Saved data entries
──────────────────────────────

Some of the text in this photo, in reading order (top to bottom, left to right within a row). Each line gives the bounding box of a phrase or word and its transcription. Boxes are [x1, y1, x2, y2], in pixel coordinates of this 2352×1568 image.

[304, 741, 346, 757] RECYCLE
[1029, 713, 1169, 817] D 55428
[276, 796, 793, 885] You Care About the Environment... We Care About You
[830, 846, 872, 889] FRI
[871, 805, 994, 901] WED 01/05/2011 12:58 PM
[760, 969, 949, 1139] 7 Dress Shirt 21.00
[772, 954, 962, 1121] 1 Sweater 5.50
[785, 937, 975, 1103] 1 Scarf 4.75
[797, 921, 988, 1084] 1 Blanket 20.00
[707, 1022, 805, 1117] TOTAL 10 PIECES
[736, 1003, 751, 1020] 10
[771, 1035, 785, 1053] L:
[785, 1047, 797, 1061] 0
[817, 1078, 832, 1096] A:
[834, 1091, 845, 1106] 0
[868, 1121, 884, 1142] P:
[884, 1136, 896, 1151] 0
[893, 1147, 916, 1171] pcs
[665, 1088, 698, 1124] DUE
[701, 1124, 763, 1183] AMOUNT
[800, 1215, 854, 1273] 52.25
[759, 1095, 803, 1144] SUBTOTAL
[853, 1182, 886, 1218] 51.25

──────────────────────────────

**Required action**
Please give all the entries above again, exactly as they stand.

**Response for this exercise**
Some of the text in this photo, in reading order (top to bottom, left to right within a row). Each line gives the bounding box of a phrase or word and its transcription. Boxes are [x1, y1, x2, y2], in pixel coordinates of this 2352×1568 image.

[304, 741, 346, 757] RECYCLE
[1029, 713, 1169, 817] D 55428
[276, 796, 793, 885] You Care About the Environment... We Care About You
[830, 846, 872, 889] FRI
[871, 805, 994, 901] WED 01/05/2011 12:58 PM
[760, 969, 949, 1139] 7 Dress Shirt 21.00
[772, 954, 962, 1121] 1 Sweater 5.50
[785, 937, 975, 1103] 1 Scarf 4.75
[797, 921, 988, 1084] 1 Blanket 20.00
[707, 1022, 805, 1117] TOTAL 10 PIECES
[736, 1003, 751, 1020] 10
[771, 1035, 785, 1053] L:
[785, 1047, 797, 1061] 0
[817, 1078, 832, 1096] A:
[834, 1091, 845, 1106] 0
[868, 1121, 884, 1142] P:
[884, 1136, 896, 1151] 0
[893, 1147, 916, 1171] pcs
[665, 1088, 698, 1124] DUE
[701, 1124, 763, 1183] AMOUNT
[800, 1215, 854, 1273] 52.25
[759, 1095, 803, 1144] SUBTOTAL
[853, 1182, 886, 1218] 51.25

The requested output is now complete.